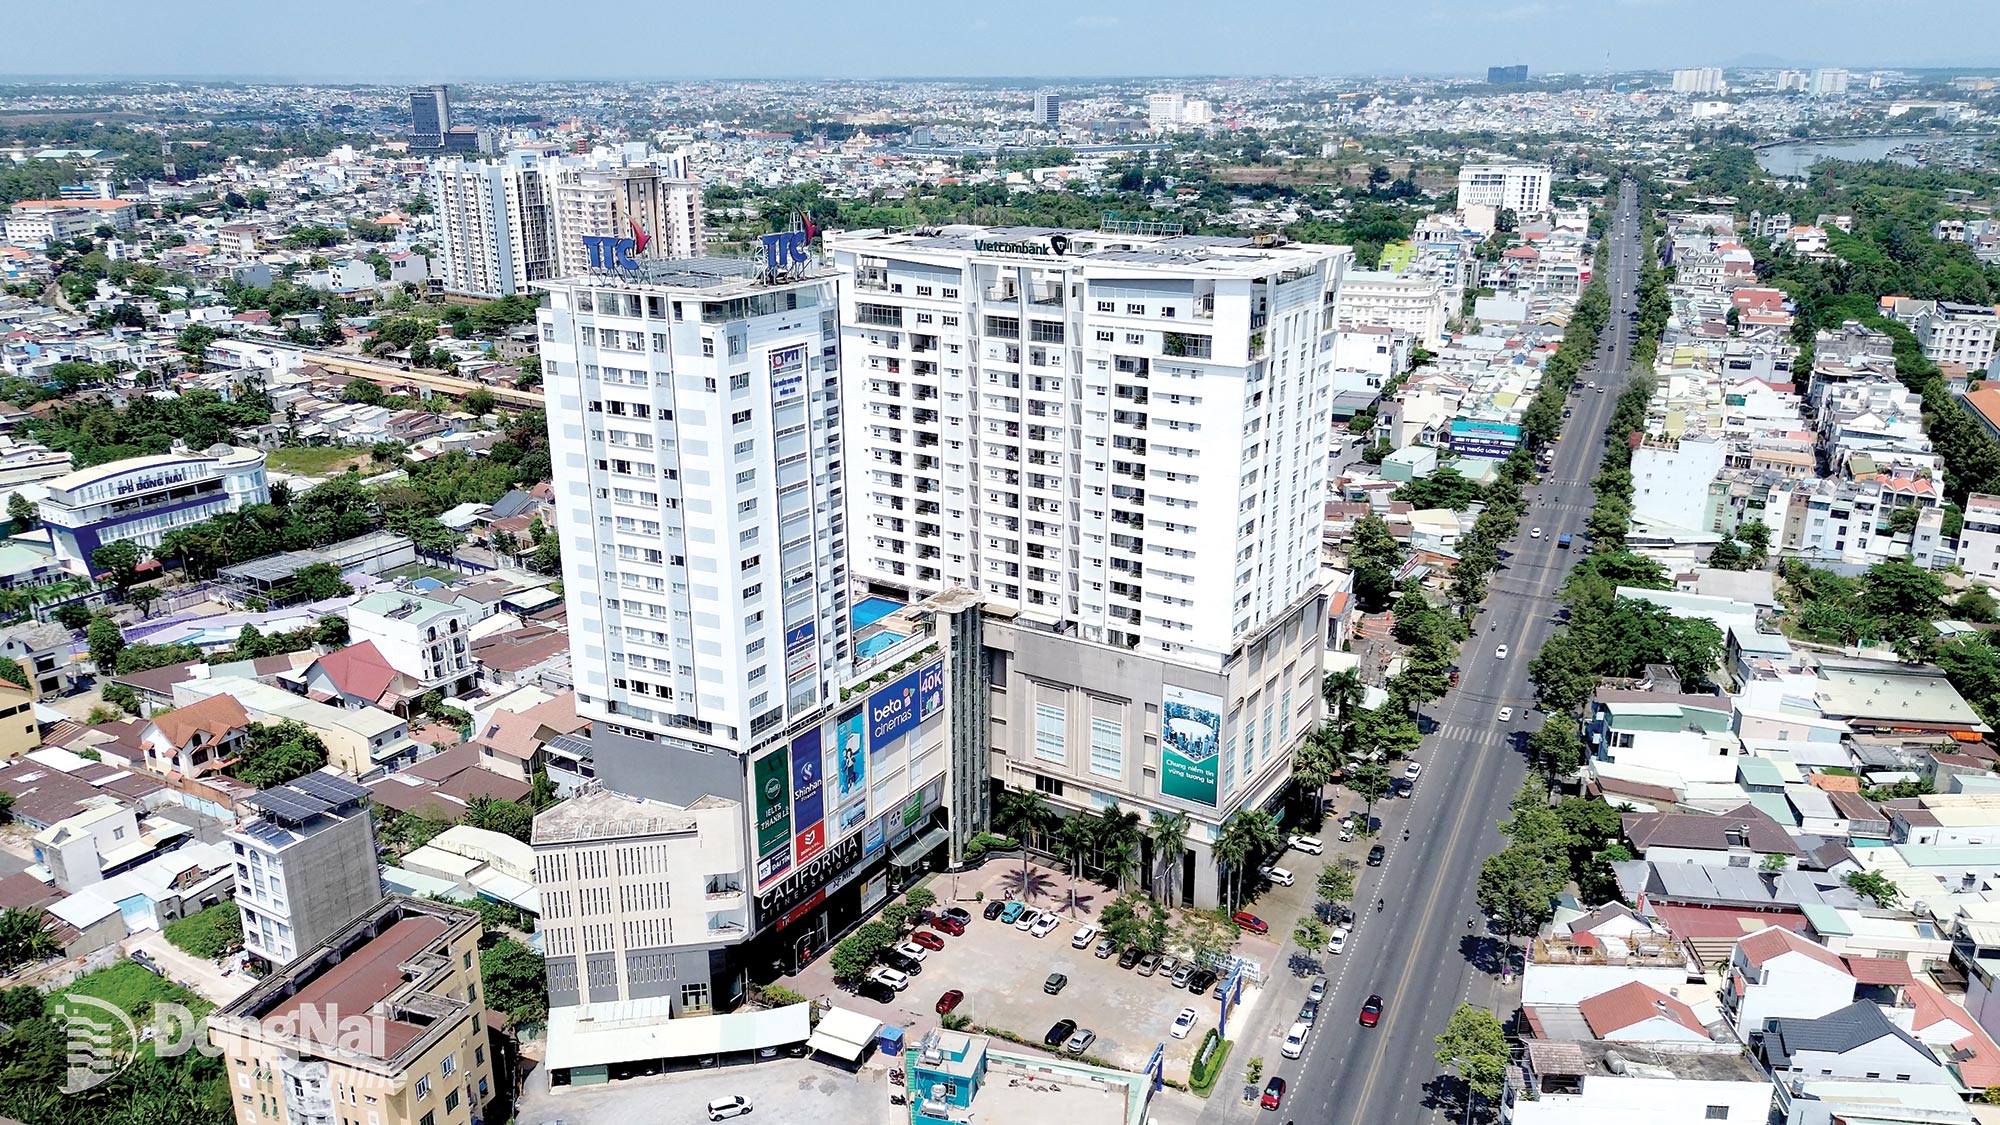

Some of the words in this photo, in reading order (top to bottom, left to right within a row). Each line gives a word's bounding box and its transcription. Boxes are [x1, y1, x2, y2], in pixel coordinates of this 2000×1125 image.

[582, 235, 640, 270] TTC
[762, 231, 808, 268] TTC
[974, 239, 1050, 256] Vietcombank
[165, 474, 183, 485] NAI
[922, 670, 942, 694] 40K
[874, 699, 902, 722] beta
[874, 708, 912, 738] cinemas
[1166, 759, 1186, 770] Chung
[794, 779, 822, 801] Shinhan
[760, 812, 782, 830] THANH
[765, 802, 782, 818] IELTS
[761, 836, 858, 910] CALIFORNIA
[760, 879, 816, 923] FITNESS
[828, 850, 858, 876] YOGA

########################################

[Your instructions] Restate the data word for word and exclude every picture.

[Your response]
Some of the words in this photo, in reading order (top to bottom, left to right within a row). Each line gives a word's bounding box and its transcription. Boxes are [x1, y1, x2, y2], in pixel coordinates of this 2000×1125 image.

[582, 235, 640, 270] TTC
[762, 231, 808, 268] TTC
[974, 239, 1050, 256] Vietcombank
[165, 474, 183, 485] NAI
[922, 670, 942, 694] 40K
[874, 699, 902, 722] beta
[874, 708, 912, 738] cinemas
[1166, 759, 1186, 770] Chung
[794, 779, 822, 801] Shinhan
[760, 812, 782, 830] THANH
[765, 802, 782, 818] IELTS
[761, 836, 858, 910] CALIFORNIA
[760, 879, 816, 923] FITNESS
[828, 850, 858, 876] YOGA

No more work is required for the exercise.